Second, perhaps the biggest thing at stake in this debate for followers of Christ is the way in which we choose to follow Christ. Our divisions in the church and the paths we choose to follow in our efforts to discover God’s will says much about who we are and the authority on which we choose to build our lives. For me, I want to endeavor to put all my personal opinions and biases aside as best as I can, and then humbly seek God’s will and way in His word. I want to have a responsible hermeneutic, engage in good exegesis, and seek the wisdom of the saints throughout church history. I don’t want to pigeon-hole God into my biases, opinions, and desires. I know that will always happen to some extent, but that’s no excuse for not reckoning with one’s own biases.

Third, I believe that we need to subject our own personal feelings and experiences to Scripture, rather than vice-versa.

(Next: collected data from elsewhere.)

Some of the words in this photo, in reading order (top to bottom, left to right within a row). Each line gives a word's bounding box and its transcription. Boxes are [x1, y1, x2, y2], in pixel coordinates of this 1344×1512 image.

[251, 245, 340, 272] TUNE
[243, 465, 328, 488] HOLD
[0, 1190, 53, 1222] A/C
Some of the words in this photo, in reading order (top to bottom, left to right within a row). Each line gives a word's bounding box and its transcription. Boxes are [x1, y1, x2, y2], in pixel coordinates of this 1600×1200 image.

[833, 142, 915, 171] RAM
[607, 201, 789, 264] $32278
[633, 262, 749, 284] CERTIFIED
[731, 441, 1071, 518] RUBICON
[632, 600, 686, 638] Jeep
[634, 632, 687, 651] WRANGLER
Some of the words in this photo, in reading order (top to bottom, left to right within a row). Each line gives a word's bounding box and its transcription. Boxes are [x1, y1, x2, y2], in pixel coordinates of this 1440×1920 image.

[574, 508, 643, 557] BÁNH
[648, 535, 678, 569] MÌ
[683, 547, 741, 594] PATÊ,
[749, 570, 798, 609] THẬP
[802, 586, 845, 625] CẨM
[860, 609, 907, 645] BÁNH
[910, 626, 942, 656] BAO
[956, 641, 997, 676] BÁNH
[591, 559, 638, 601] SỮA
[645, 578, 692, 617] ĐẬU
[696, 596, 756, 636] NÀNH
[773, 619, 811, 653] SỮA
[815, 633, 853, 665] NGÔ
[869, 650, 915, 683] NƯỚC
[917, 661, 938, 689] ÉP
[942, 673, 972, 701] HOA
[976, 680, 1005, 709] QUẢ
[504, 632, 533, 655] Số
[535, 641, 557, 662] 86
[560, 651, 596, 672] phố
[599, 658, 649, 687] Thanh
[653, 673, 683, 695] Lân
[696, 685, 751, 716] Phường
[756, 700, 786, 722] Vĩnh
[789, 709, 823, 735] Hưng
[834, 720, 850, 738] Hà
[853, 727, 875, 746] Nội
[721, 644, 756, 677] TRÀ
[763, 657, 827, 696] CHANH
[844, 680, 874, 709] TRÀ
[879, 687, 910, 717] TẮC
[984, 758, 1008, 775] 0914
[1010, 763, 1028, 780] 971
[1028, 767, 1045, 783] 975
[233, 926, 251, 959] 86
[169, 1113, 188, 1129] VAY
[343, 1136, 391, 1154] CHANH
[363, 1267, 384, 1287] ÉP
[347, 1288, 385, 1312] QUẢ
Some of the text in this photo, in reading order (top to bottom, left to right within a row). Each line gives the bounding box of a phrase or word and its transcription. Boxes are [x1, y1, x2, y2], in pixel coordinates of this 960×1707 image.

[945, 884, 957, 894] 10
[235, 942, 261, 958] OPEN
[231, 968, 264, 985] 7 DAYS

The latter practice is not only increasingly widespread, but it will destroy us. In my reading I’ve read three books by professing Christians who have had to deal personally with same-sex attraction and it’s been interesting to see how they engage with Scripture and emotions. Wesley Hill (Washed and Waiting) and Rosaria Butterfield (The Secret Thoughts of An Unlikely Convert) view their emotions and experience through the lens of Scripture and come to the conclusion that their same-sex attraction is a result of the brokenness in the world and it’s their cross to bear in faithful obedience to Christ. It is not the way it’s supposed to be. Justin Lee (Torn) views the Scripture through the lens of his emotions and experience. His story is compelling and his argument will play well in today’s world. He concludes that he is the way he’s supposed to be and he opts for a monogamous faithful relationship. We can either reconcile our lives to the Scriptures, or we can reconcile the Scriptures to our lives.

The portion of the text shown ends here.